Maximum number of queued kernels

My kernel contains a loop with something like 8 to 256 iterations. I’ve noticed that for some reason I get better performance if I limit each kernel execution to maybe 16 or 32 iterations and make multiple kernel executions. I don’t really understand why. My best guess is that it stops the different threads that are running on one multiprocessor from getting too far out of step with each other and therefore improves the cache coherence when sampling textures. The problem is that if I make too many kernel executions I seem to fill up the command queue and I start eating up CPU cycles. What is the maximum number of executions I can queue up? Can anyone suggest an easy way to extend it? Is there a better approach? I looked at thread synchronisation within the kernel but it seemed to slow everything down massively. Maybe I was doing something wrong though.

I don’t have any idea what the max queue length is, but I’ve also experienced that more, smaller kernels tend to perform better than fewer, longer kernels (see this topic, though I wasn’t doing texture lookups).

The implementation I wound up using only launches one kernel at a time, then waits for it to complete using a cuda event before starting the next call. You might try launching several kernels, putting events on every 5th one, then as events get hit add more to the queue…just a thought.

Hope that helps!

Ben

The queue depth is 16 on compute 1.0 devices and 24 on compute 1.1. I don’t know about compute 1.3.

Thanks. Thats probably just about enough for my application.

Thanks for sharing your findings. Its very interesting that you see the same effect even without texture lookups. Its starting to sound like a CUDA bug to me.

Thanks for the suggestion as well. I’ll probably end up doing something along those lines.

After your comments I decided to test my theory that in my case the problem is related to the texture cache. I modified my program so that the texture sampling coordinates don’t change from one loop iteration to the next. This had no noticeable effect on the behaviour - I still get best performance when I use 16 to 32 iterations per execution. This makes no sense to me. My threads are 100% non-divergent (every thread in the entire grid will exectute the exact same statements and perform the exact same number of loop iterations).

For the time being I will work around the issue using multiple kernel executions but since my kernel does quite a few calculations before entering its loop this must be a sub-optimal solution.

Edit: In fact, after a couple more experiments it looks like the size of the address range in linear memory that I read from/write to is far more important. Does that ring any bells with anyone?
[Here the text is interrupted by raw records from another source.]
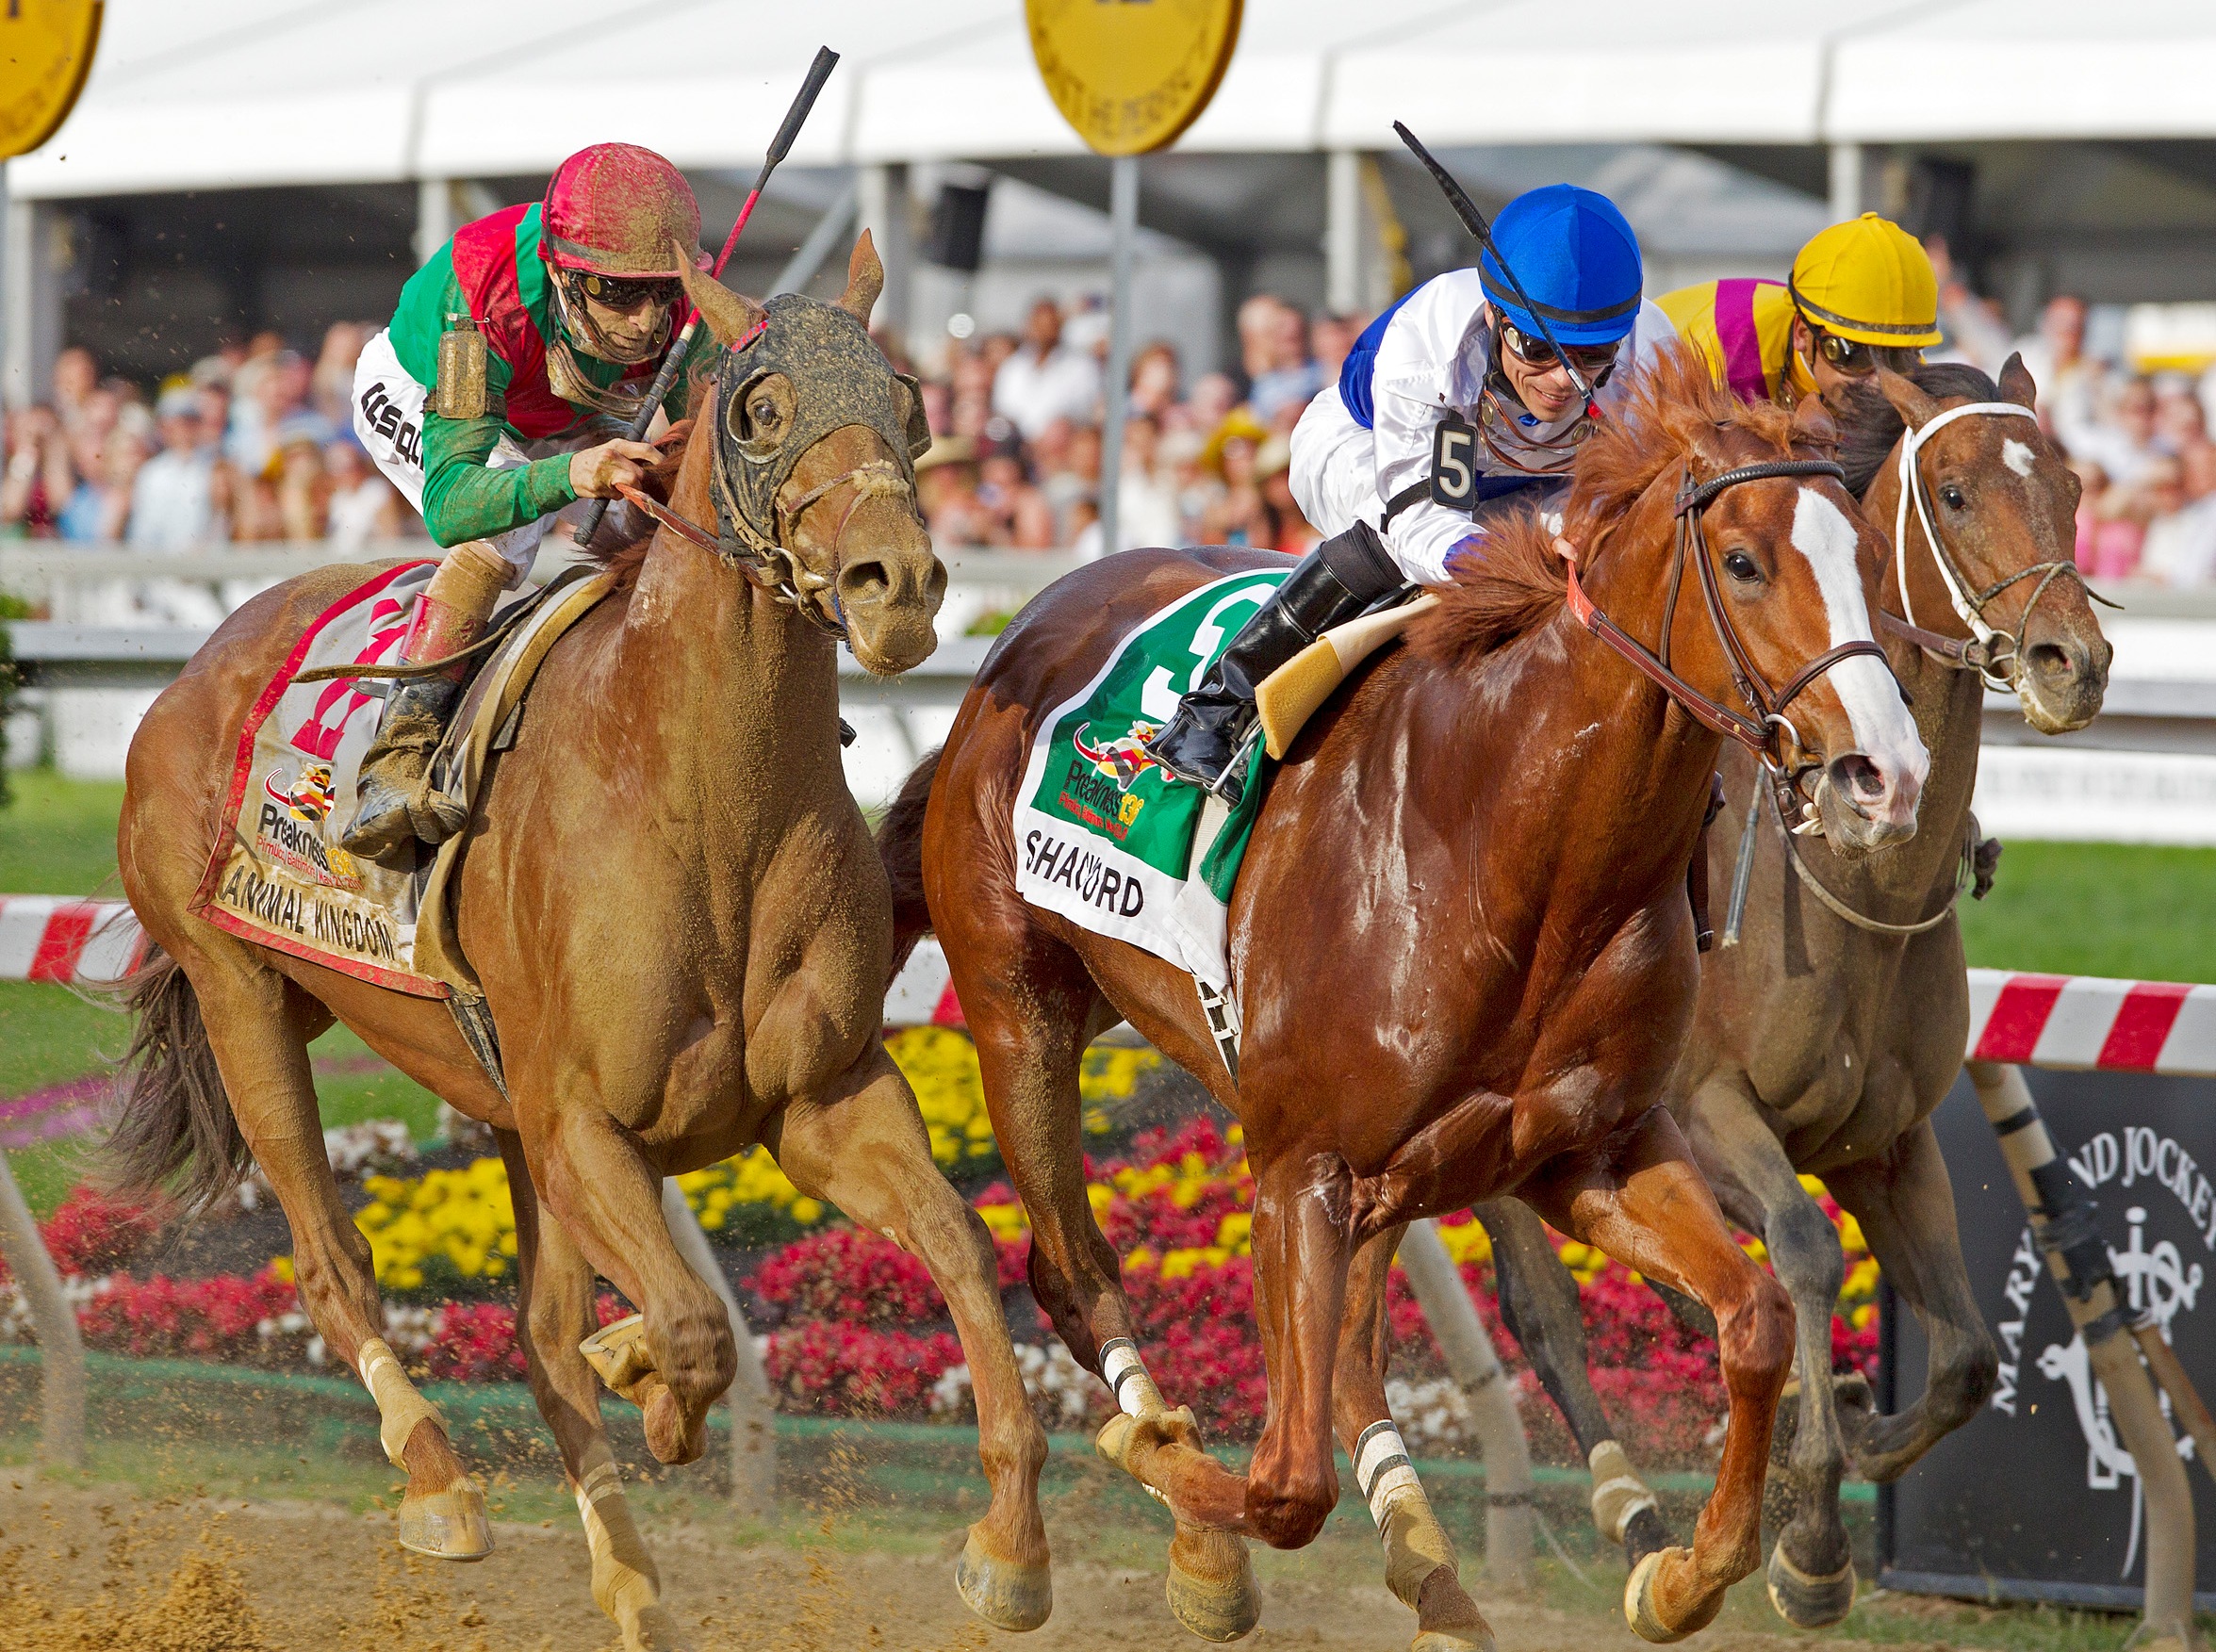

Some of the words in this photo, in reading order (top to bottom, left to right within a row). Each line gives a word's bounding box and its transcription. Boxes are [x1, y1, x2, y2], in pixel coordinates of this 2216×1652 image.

[1438, 430, 1471, 499] 5
[257, 803, 330, 872] Preakness
[1118, 793, 1144, 826] 136
[221, 865, 304, 934] ANIMAL
[315, 899, 395, 961] KINGDOM
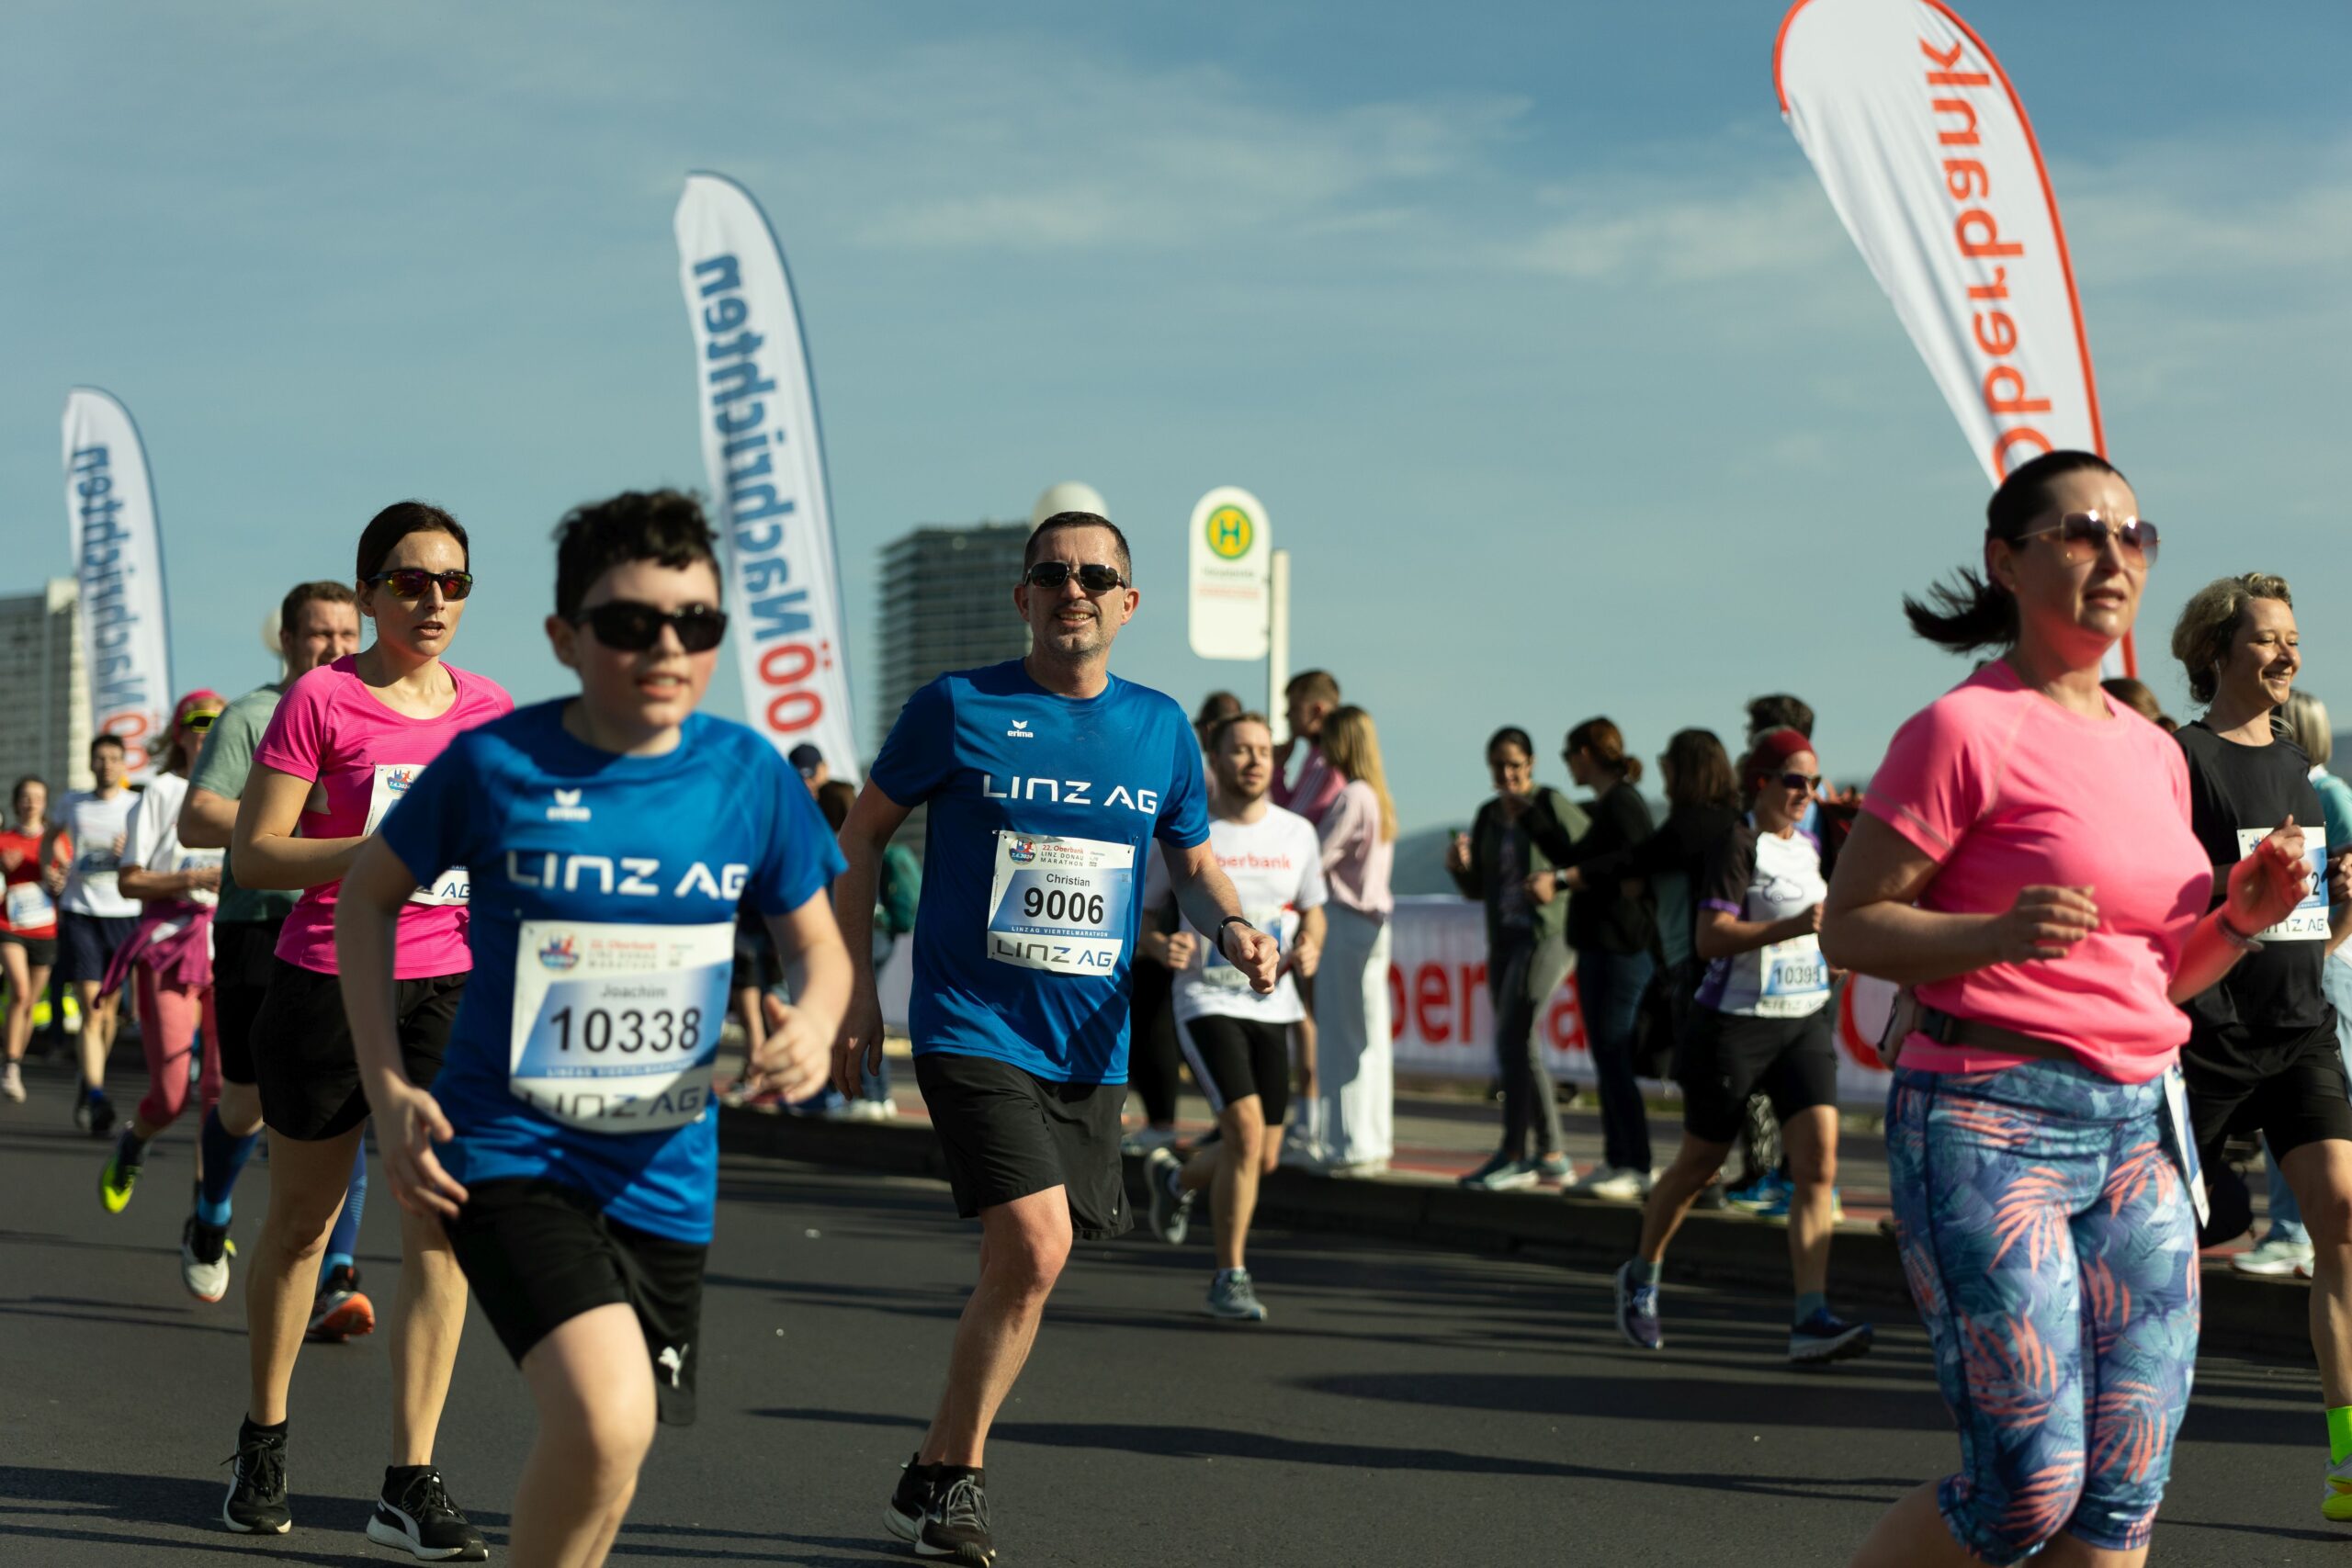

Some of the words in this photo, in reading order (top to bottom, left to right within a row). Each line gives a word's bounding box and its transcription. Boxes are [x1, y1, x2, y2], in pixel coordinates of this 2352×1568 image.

could it be that with 32 threads per block you are reading in from adresses close together, so almost all reads are a cache hit?

You can test by letting each thread read places more than 8 kb apart. That should prevent cache hits.

I’m not quite sure what you mean by “32 threads per block”. I actually have 512 threads per block. Each thread will perform say 16 or 32 iterations of a loop. In general I would expect all 32 iterations of all 512 threads to result in cache hits most of the time.

Maybe it would help if I provide a little more information.

My kernel looks a bit like this:

for(…)

{

read from array in linear memory

sample from textures

combine values

write to array in linear memory

}

Normally the addresses in linear memory and the texture sampling coordinates would both depend on the threadId and the loop counter. Initially I suspected that by allowing too many iterations in a single kernel execution I was polluting my texture cache so I forced the texture sampling coordinates to depend only on the threadId and not the loop counter. It didn’t help. So then I made it so that instead of every iteration reading from/writing to a new address in linear memory I recycled the addresses after 16 iterations. This made a big difference. But global memory is uncached so whats going on?

In case its important, 256 iterations would normally require about 256MB of linear memory whereas I see the highest performance when I limit each kernel execution to about 32 iterations (or 32MB of linear memory). Also note that all of my global memory access is fully coallesced. A rough calculation indicates that I am using about 30GB/sec of memory bandwidth on an 8800 GT (not including texture sampling which will be very heavily cached).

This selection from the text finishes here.